Cheap enough for the 60% of rural Indians who live on less than 35 Rs/day [1]?

> The cost of a smartphone that can handle modern websites (especially Facebook, which breaks on old/slow phones and browsers) is more than the cost of a few year's worth of data.

The vast majority of mobile phones in India are feature phones which are considerably cheaper than smartphones [2]. To be included in Free Basics, sites have to work reasonably on feature phones. Free Basics sites are accessed through a proxy which modifies requests so that the sites can tell that they are being viewed by a Free Basics user, and so the site can present a version that works without requiring "modern" features like JavaScript, SVG images and WOFF font types, iframes, video and large images, or Flash and Java applets.

[1] http://articles.economictimes.indiatimes.com/2012-05-04/news...

[2] http://www.igadgetsworld.com/india-smartphone-and-feature-ph...


> Cheap enough for the 60% of rural Indians who live on less than 35 Rs/day [1]?

Perhaps not; but I was including only people who can afford the phone.

> The vast majority of mobile phones in India are feature phones which are considerably cheaper than smartphones

They're still ~Rs 1k (you can get cheaper ones, but I don't think even proxied sites will work well on these). Monthly data plans are less than a tenth of this.

IIRC Free Basics' Facebook still needed a good phone (higher end feature phone or a smartphone), but I can't verify that right now.

And that really brings us back to the question; how is this bringing people to the Internet? Even if Facebook worked well on a Rs 400 phone, only the Free Basics sites would work well there. This just underlines that Facebook is trying to give people Free Facebook, nothing more.

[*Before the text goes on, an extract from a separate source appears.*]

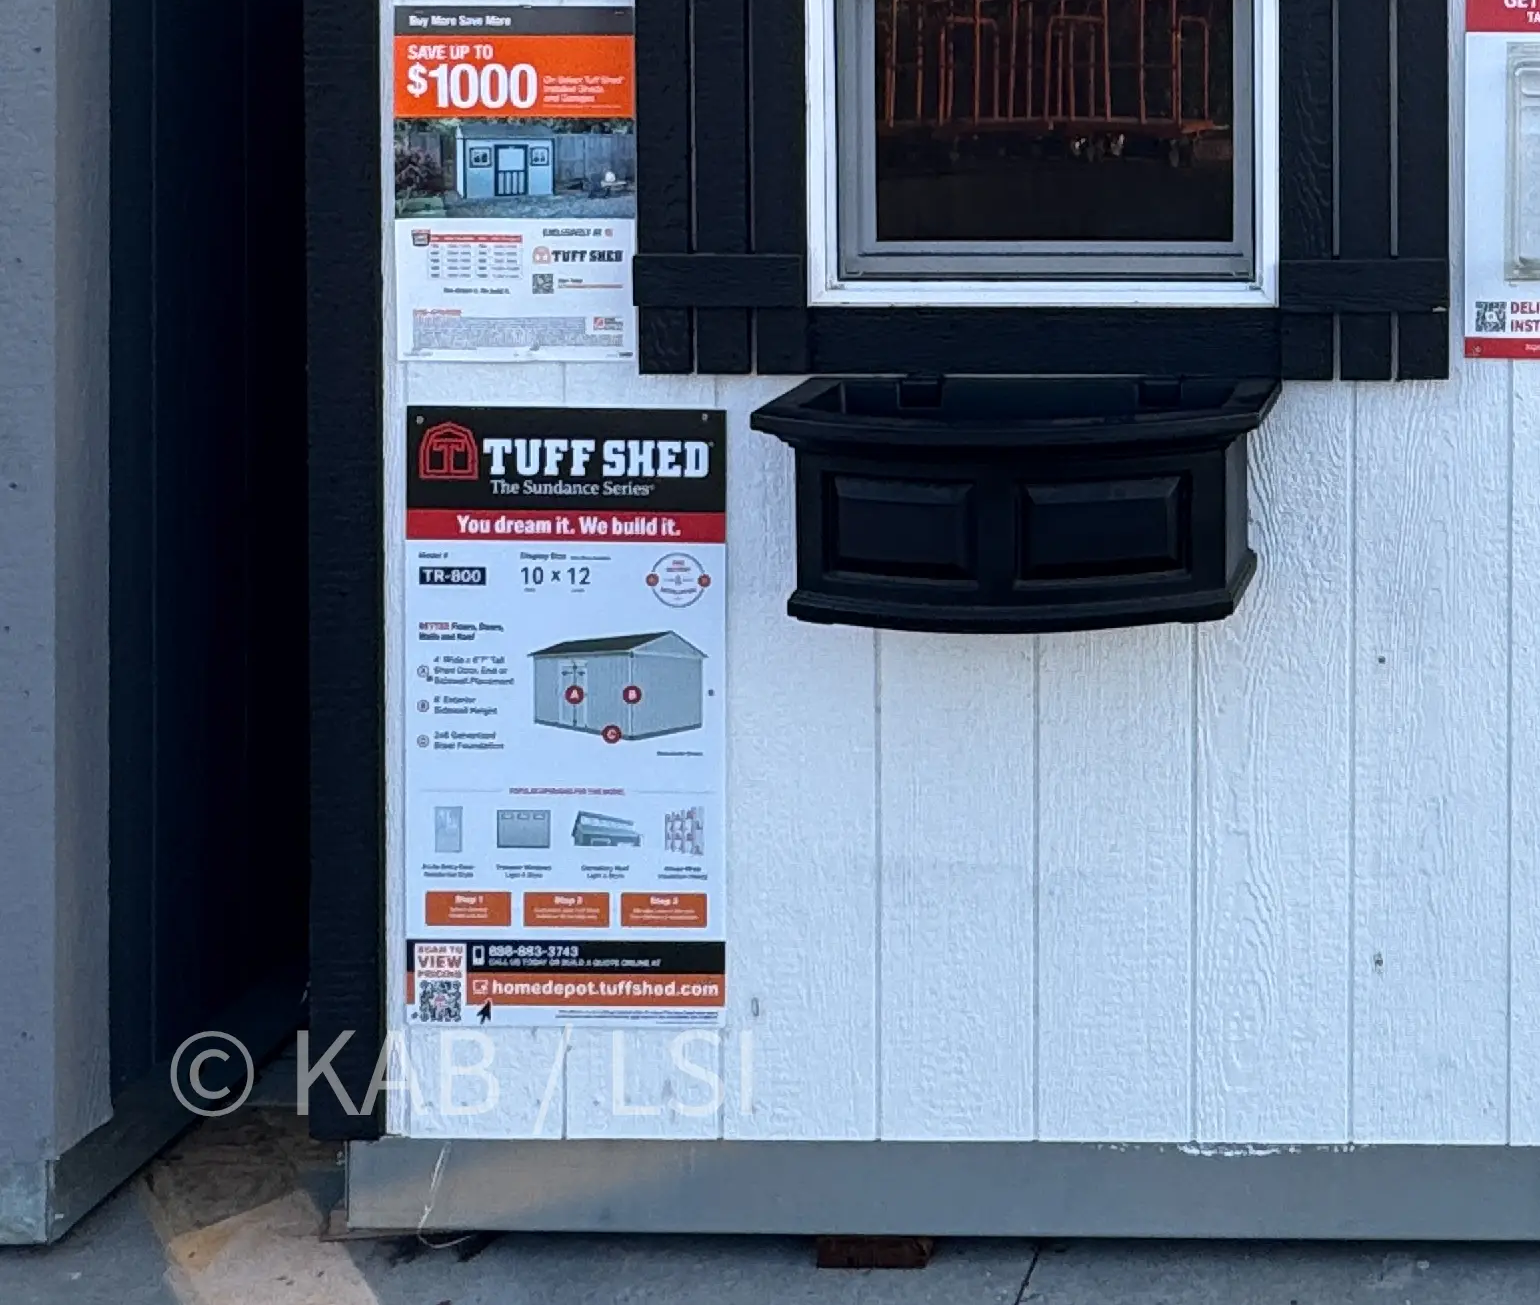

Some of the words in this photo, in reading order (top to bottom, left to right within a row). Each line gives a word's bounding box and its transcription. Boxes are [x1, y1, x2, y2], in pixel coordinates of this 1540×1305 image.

People who cannot afford these phones would not become "Digital Indians" by using Free Basics, they would use Facebook and only Facebook.


That would still be the case if the verdict was the other way around.

That's my point: there's nothing to celebrate here, as nothing as changed. People without full Internet access still don't have it. And so, for what is the post thanking a lot of people?


> as nothing as changed.

It didn't get worse.

> People without full Internet access still don't have it. And so, for what is the post thanking a lot of people?

You can say that about anything. That's not what they're happy about; that wasn't the only issue on the table.